The full implication of this motif for the art of Franz Marc can best be seen in one of his last oil paintings, Tirol, painted in 1913 and retouched in 1914. The overall image of this painting is, as in
Fate of the Animals, one of cataclysmic destruction. The heavens have broken asunder and mountains are crumbling and depositing rocks and ruin upon the village below. In the lower part of the
painting two small cottages appear on a hilly bluff, and to the left of them stand two dead trees.

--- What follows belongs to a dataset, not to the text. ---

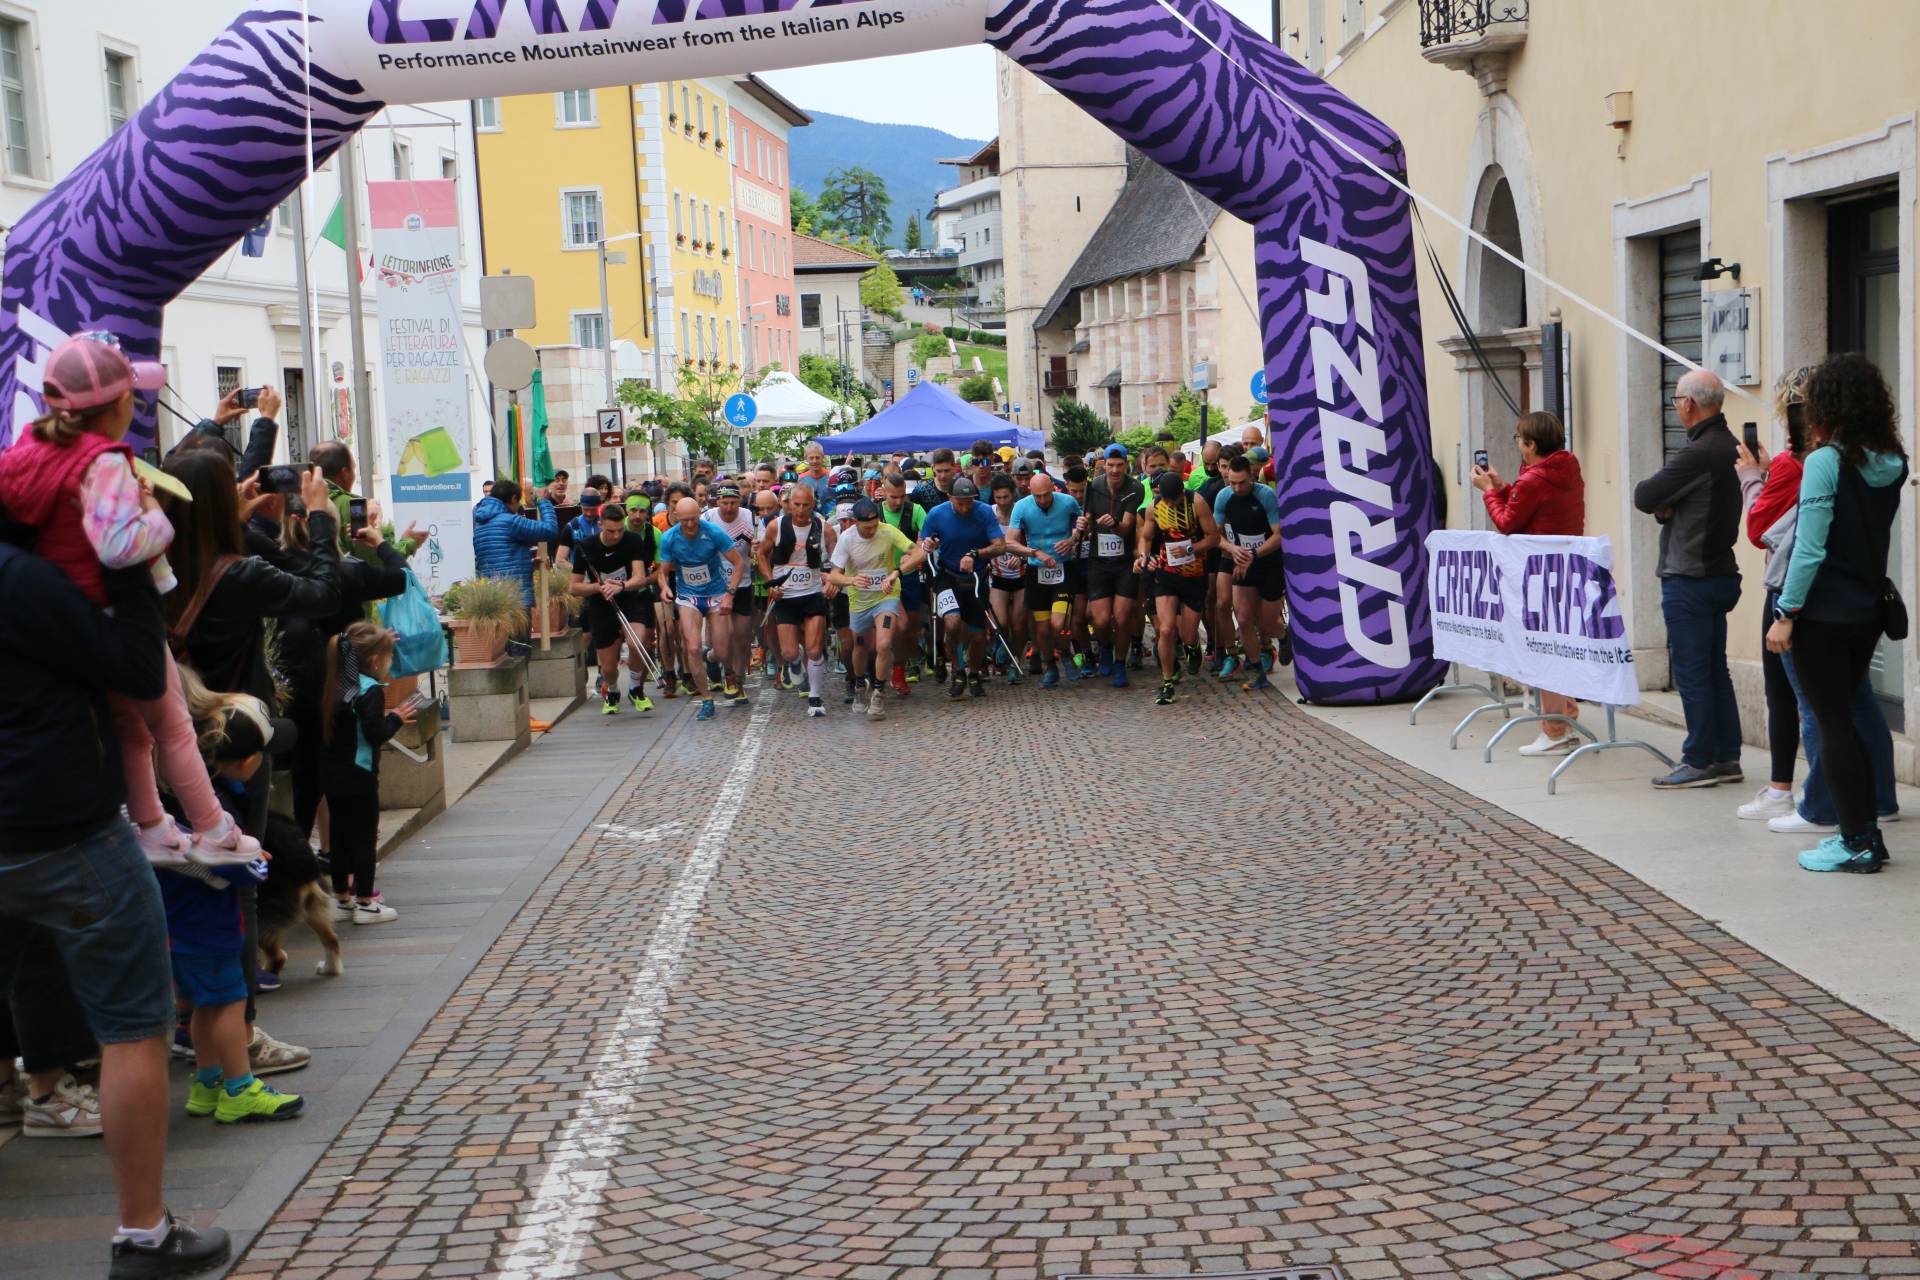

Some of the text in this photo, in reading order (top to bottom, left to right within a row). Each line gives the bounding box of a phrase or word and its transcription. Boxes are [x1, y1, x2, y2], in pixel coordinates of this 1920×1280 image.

But our attention is consistently drawn to the dominant motifs of the foreground, the thin, diagonally inclined tree which sweeps across the canvas from the lower right-hand corner to the left center of the composition. The branches of this tree culminate in what can best be described as a sickle shape. The tree, in fact, assume the form of some giant scythe. The painting remained in this state throughout the year 1913, for it, to, along with Fate of the Animals, was exhibited at the First German Herbstsalon. After the exhibition closed, however, Marc asked to have the painting returned to him and later in 1914 he added, immediately above the diagonal tree, the same motif of the "Apocalptic Woman" that had fascinated artist of the late fifteenth century, the motif which indicated that a rebirth of man would follow the destruction of the evil society of the present, the motif which spoke of the coming "Age of Righteousness".